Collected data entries
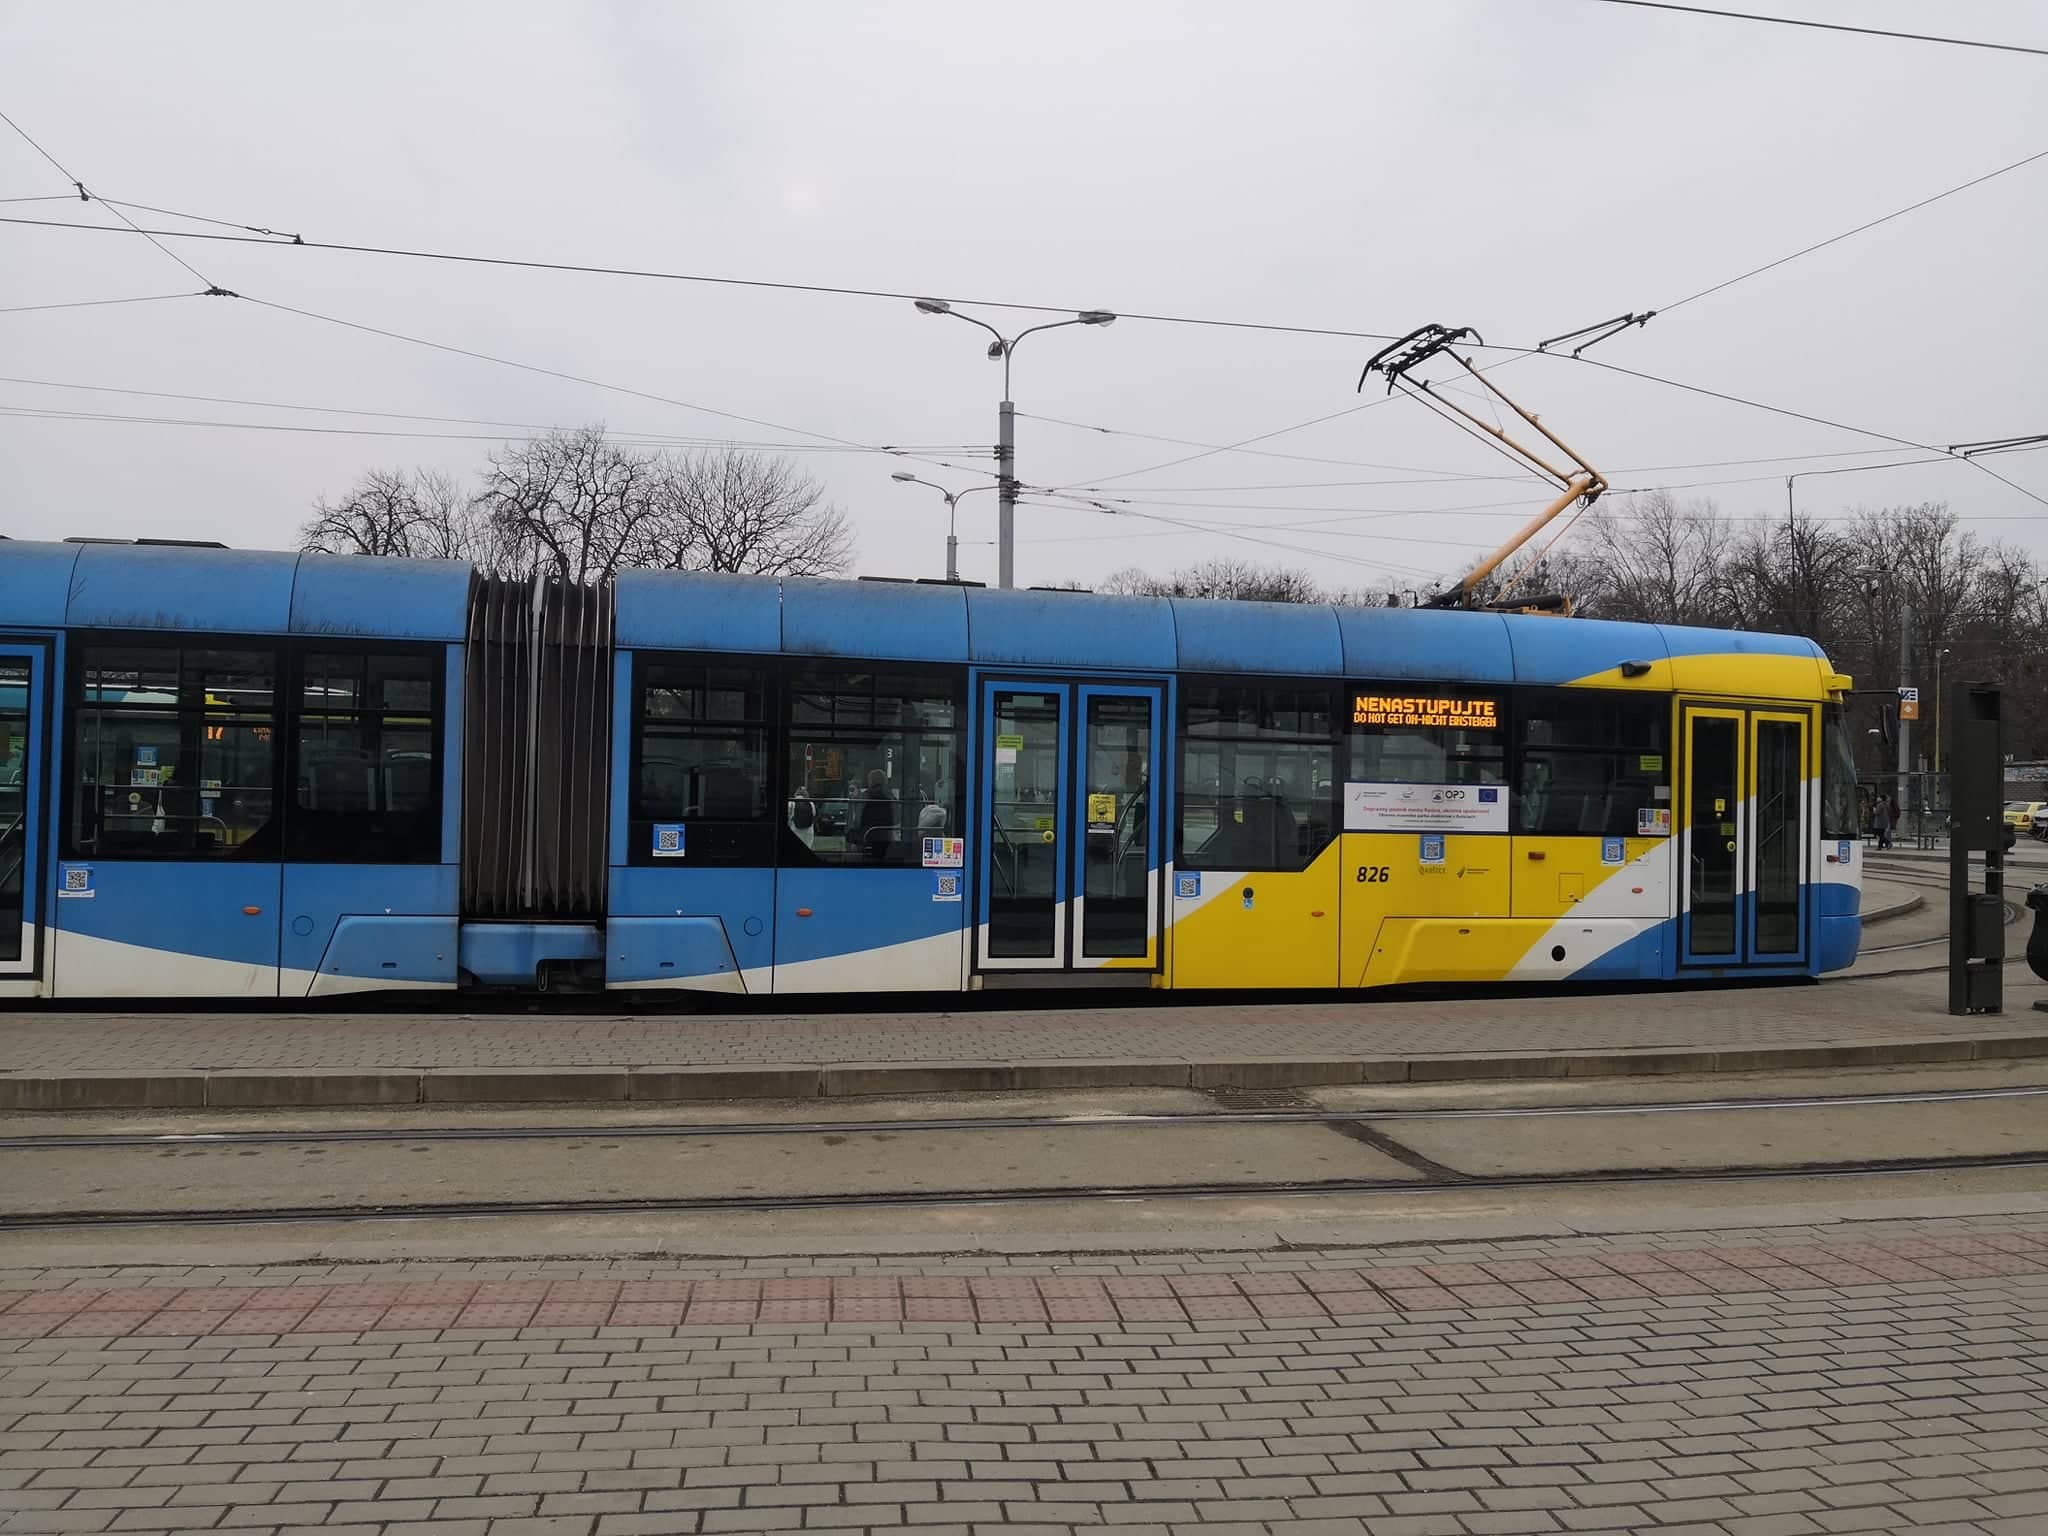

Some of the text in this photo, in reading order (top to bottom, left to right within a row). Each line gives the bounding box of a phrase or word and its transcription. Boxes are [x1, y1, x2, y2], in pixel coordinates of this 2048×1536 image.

[1356, 696, 1495, 716] NENASTUPUJTE
[1353, 712, 1366, 723] DO
[1368, 713, 1386, 724] NOT
[1387, 713, 1404, 725] GET
[1448, 716, 1497, 728] EINSTEIGEN
[1356, 866, 1389, 883] 826
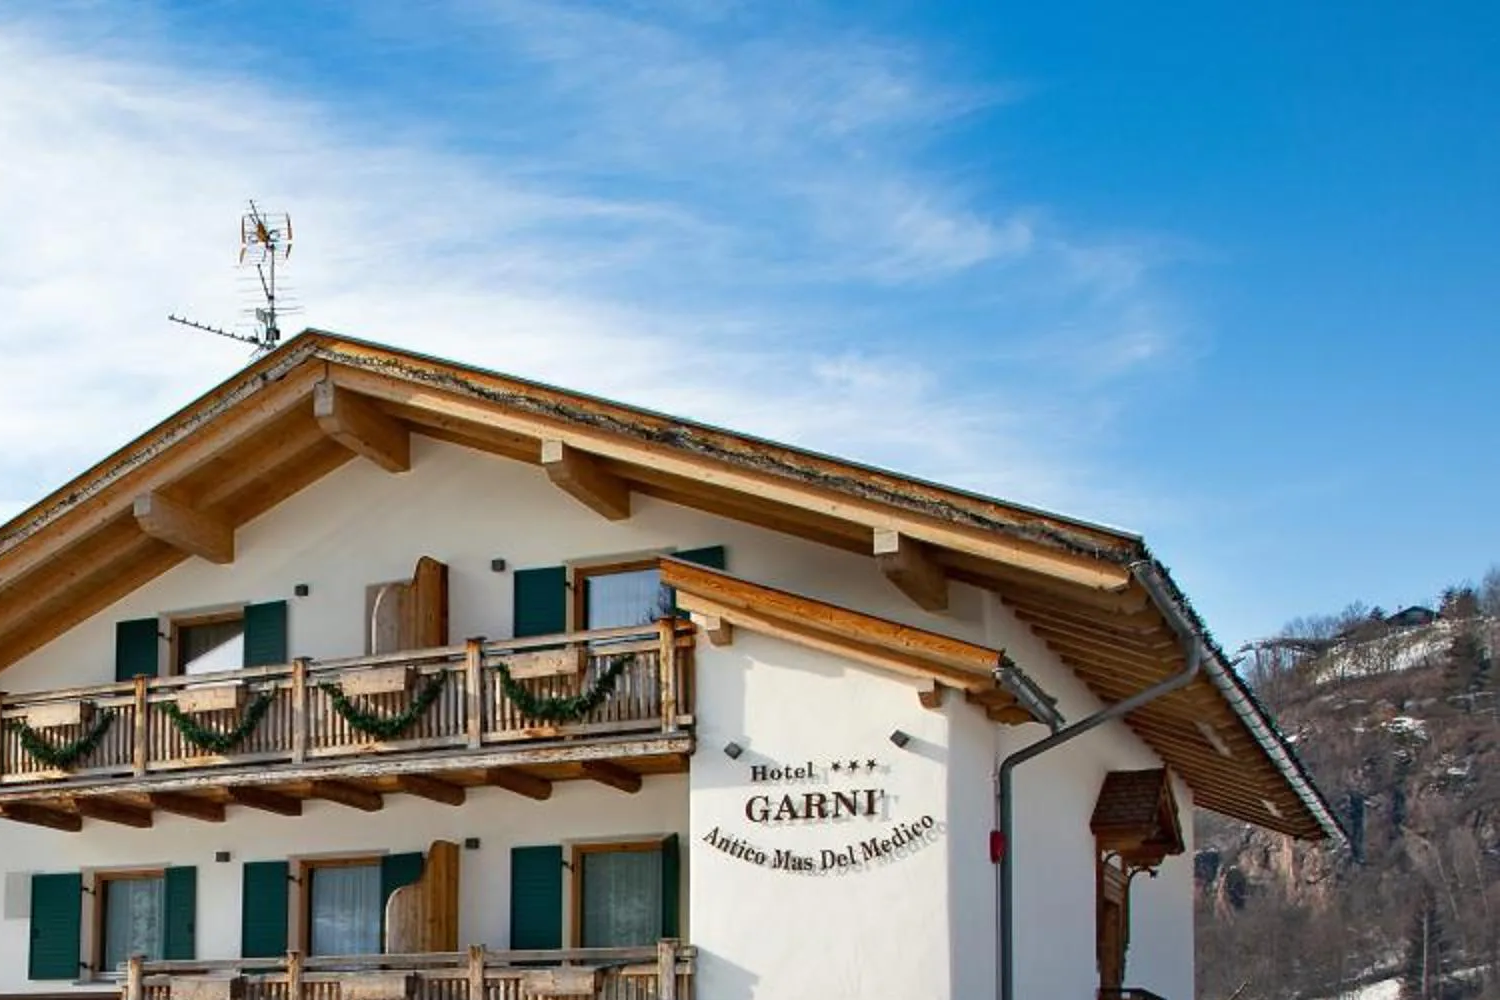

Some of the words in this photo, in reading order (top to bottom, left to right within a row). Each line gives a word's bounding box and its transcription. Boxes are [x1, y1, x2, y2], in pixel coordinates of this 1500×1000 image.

[750, 762, 814, 782] Hotel
[702, 825, 766, 865] Antico
[771, 848, 813, 872] Mas
[820, 846, 857, 871] Del
[860, 814, 935, 861] Medico
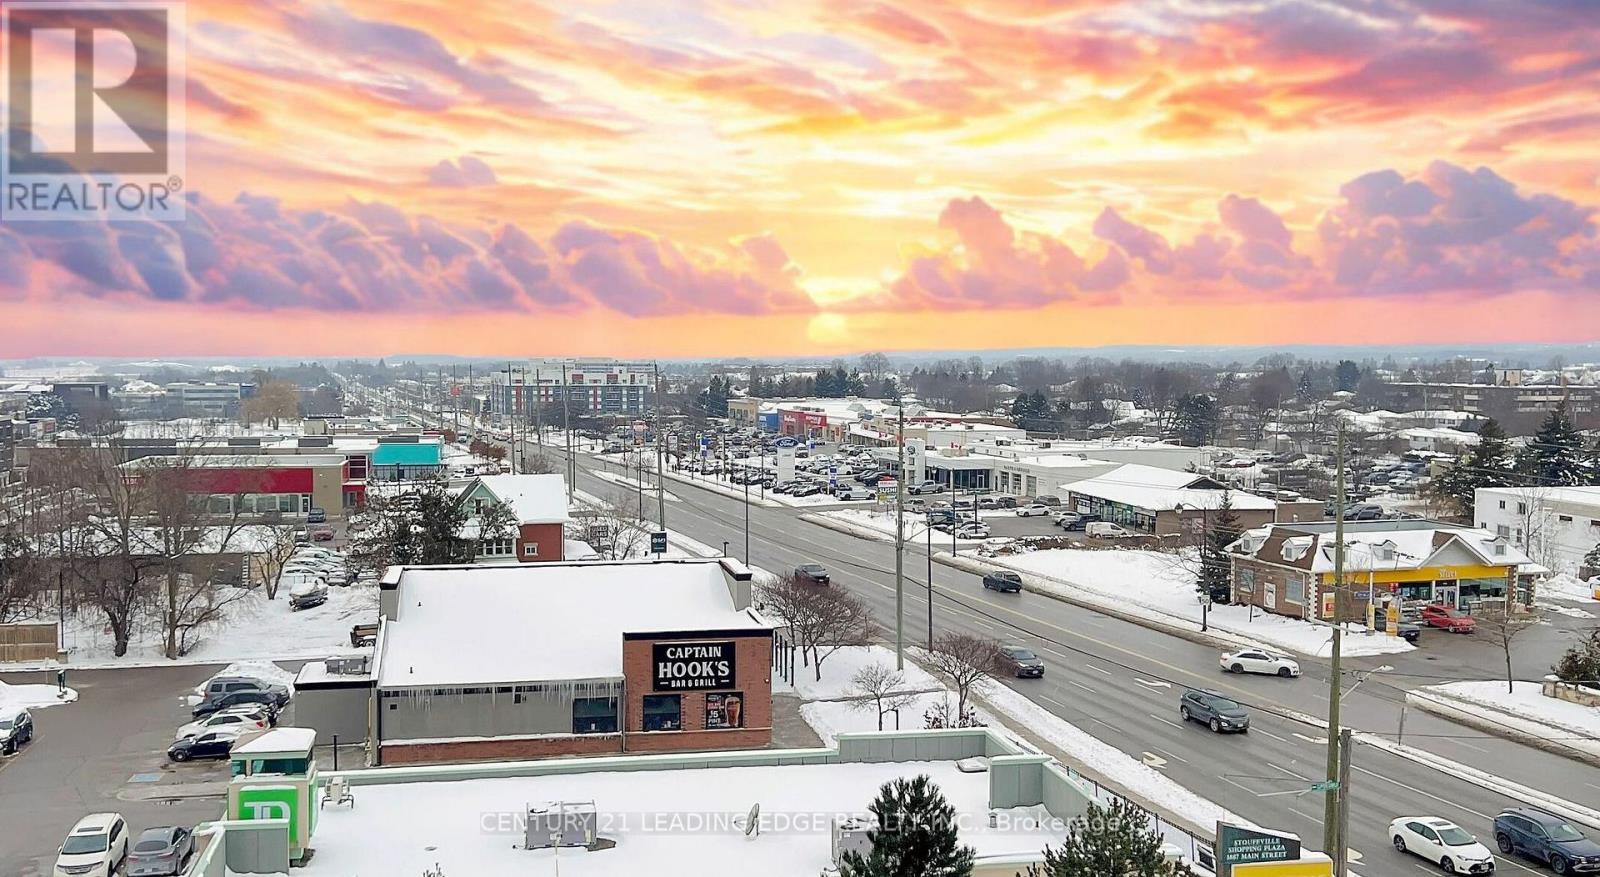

● **WHAT IS BEING ASKED**
Copy the records above exactly, omitting every picture.

● **EXPECTED ANSWER**
Some of the text in this photo, in reading order (top to bottom, left to right within a row). Each line gives the bounding box of a phrase or word and its transcription. Boxes are [x1, y1, x2, y2], in pixel coordinates of this 2048×1536 image.

[1356, 696, 1495, 716] NENASTUPUJTE
[1353, 712, 1366, 723] DO
[1368, 713, 1386, 724] NOT
[1387, 713, 1404, 725] GET
[1448, 716, 1497, 728] EINSTEIGEN
[1356, 866, 1389, 883] 826

Some of the words in this photo, in reading order (top to bottom, left to right within a row). Each line gives a word's bounding box and its transcription. Boxes are [x1, y1, x2, y2], in pixel coordinates of this 1500×1000 image.

[750, 762, 814, 782] Hotel
[702, 825, 766, 865] Antico
[771, 848, 813, 872] Mas
[820, 846, 857, 871] Del
[860, 814, 935, 861] Medico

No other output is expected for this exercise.